# Exercise description
For every line below, output the text exactly and leave out images.

━━━━

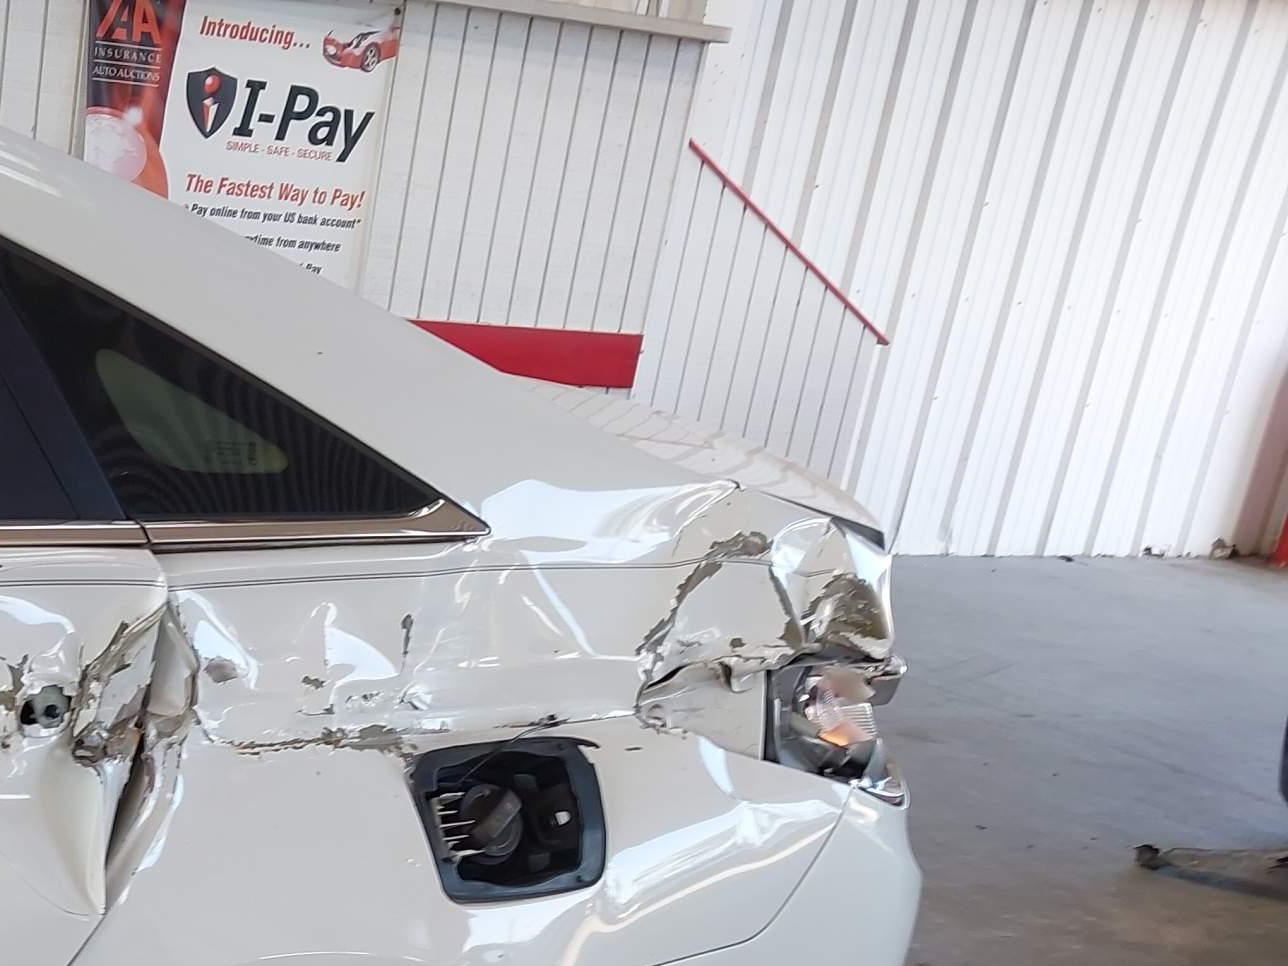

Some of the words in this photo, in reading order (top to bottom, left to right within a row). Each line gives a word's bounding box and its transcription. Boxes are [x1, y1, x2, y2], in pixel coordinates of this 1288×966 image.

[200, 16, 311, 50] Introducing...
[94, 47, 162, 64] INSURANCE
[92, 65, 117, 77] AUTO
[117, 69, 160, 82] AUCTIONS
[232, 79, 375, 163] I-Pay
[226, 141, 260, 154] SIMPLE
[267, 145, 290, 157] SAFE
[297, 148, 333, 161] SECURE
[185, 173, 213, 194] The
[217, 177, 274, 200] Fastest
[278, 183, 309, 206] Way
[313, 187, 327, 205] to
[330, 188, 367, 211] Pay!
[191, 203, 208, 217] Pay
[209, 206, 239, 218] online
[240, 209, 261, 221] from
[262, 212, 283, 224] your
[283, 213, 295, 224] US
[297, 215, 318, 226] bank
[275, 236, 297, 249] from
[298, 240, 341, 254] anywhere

━━━━

# Solution
Some of the words in this photo, in reading order (top to bottom, left to right within a row). Each line gives a word's bounding box and its transcription. Boxes are [x1, y1, x2, y2], in pixel coordinates of this 1288×966 image.

[200, 16, 311, 50] Introducing...
[94, 47, 162, 64] INSURANCE
[92, 65, 117, 77] AUTO
[117, 69, 160, 82] AUCTIONS
[232, 79, 375, 163] I-Pay
[226, 141, 260, 154] SIMPLE
[267, 145, 290, 157] SAFE
[297, 148, 333, 161] SECURE
[185, 173, 213, 194] The
[217, 177, 274, 200] Fastest
[278, 183, 309, 206] Way
[313, 187, 327, 205] to
[330, 188, 367, 211] Pay!
[191, 203, 208, 217] Pay
[209, 206, 239, 218] online
[240, 209, 261, 221] from
[262, 212, 283, 224] your
[283, 213, 295, 224] US
[297, 215, 318, 226] bank
[275, 236, 297, 249] from
[298, 240, 341, 254] anywhere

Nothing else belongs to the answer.